Frances of Rome and the Taoiseach of Ireland

wikipedia.org

In the most troubled of times, God raises up saints as exemplars and intercessors, and Frances of Rome is no exception. Born into privilege in 1384, she lived through tumultuous times, with Rome ravaged by the effects of the ‘Great Western Schism’, which had begun in 1378, with eventually three rival claimants to the papacy, none of them providing a particularly edifying example. Frances wanted to give her life to God, but was ordered at the age of twelve – the custom back then – to marry, and was given to the wealthy Lorenzo di Ponziani, the commander of the papal troops. The marriage proved a happy one, even if Frances’ liberal, one might say excessive from a worldly view, almsgiving and care for the poor caused some consternation, the miraculous replenishing of the supplies alleviated the anxieties of the Ponziani clan.

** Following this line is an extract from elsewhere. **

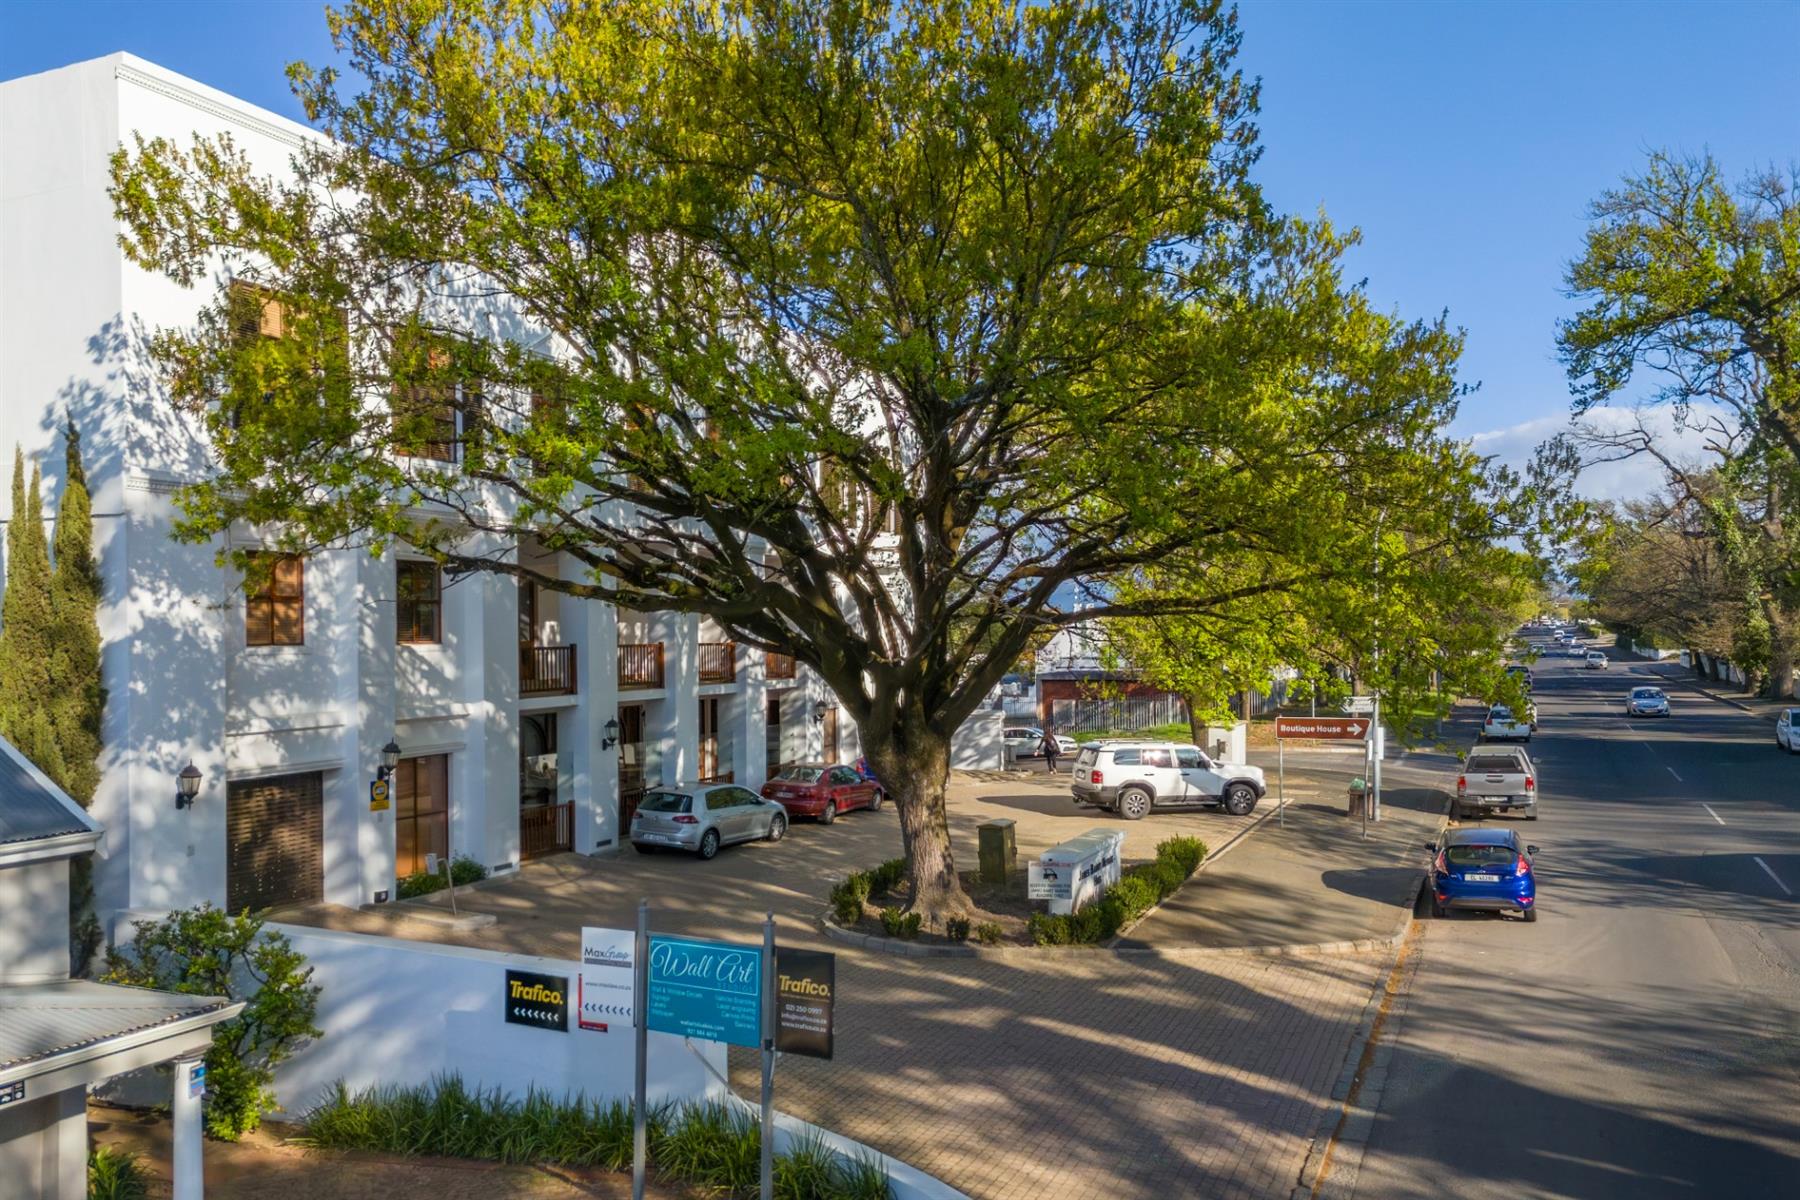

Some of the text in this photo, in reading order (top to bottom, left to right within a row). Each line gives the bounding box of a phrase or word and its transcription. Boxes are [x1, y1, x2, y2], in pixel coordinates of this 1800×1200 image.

[1280, 724, 1342, 734] Boutique House
[650, 943, 755, 984] Wall Art
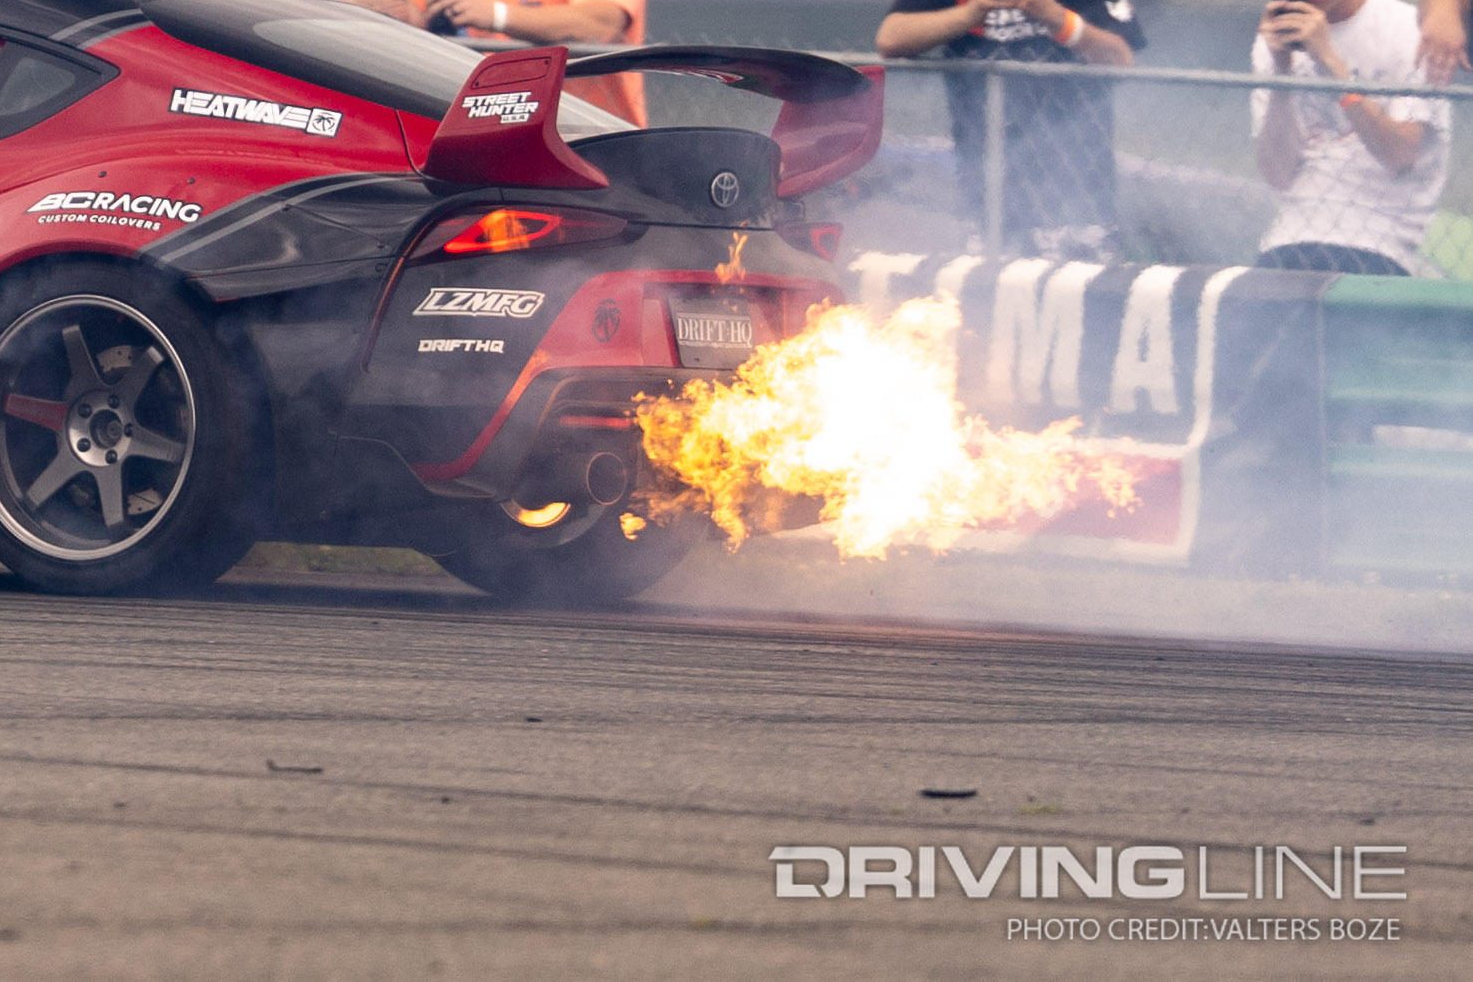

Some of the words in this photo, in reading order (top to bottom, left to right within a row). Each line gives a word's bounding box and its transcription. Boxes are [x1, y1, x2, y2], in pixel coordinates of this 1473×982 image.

Frances raised her children well, and cared for her husband until his death, after he was invalided in a battle. Before that, they had agreed to practice continence, and Frances’ charitable and prayer life deepened immeasurably, recounting visions of saints, her guardian angel, purgatory, hell, foretelling both the end of the schism and her own death. She was, as her biography attests, renowned for her patience, humility and obedience. Frances founded a community of pious women, the Benedictine Oblate Congregation of Tor di Specchi, and died on this day in 1440, after a life given to God in an age when so many were scandalized by so many bad examples in the Church. A lesson for our times, as all the saints are, really.

And, speaking of our times, Ireland – yes Saint Patrick’s beloved Emerald Isle – is in increasingly rough shape, as John Waters has pointed out more than once, most recently commenting on the decree from the nation’s Taosieach, Leo Varadkar, an open homosexual inimical to religion, that all crucifixes be removed from hospitals – including those run by religious orders. What is being imposed is, as he puts it, is not a vague ‘tolerance’, itself an anti-virtue, but rather a despairing nihilism, an enforced secularism, a prelude, to this author’s mind, to be quite blunt, of the ‘secular messianism’ of the Antichrist.

Saint Malachy supposedly prophesied in the eleventh century that Ireland would be inundated by the sea should she ever lose the Faith; but she already is ‘inundated’ by the tide of unbelief, smothering and suppressing all that made Ireland what she was, and still, one might hope, be one day again. As things now stand, that hope is dim, with the legalized and constitutionally-sanctioned murder of the unborn and fake, deviant ‘marriage’; soon, euthanasia and who knows what else. There is that whole question of whether Christ will find Faith once He returns again, one that is quasi-rhetorical, for we know He will; but where, and will He find it in our own souls, regardless of what happens around, and to, us?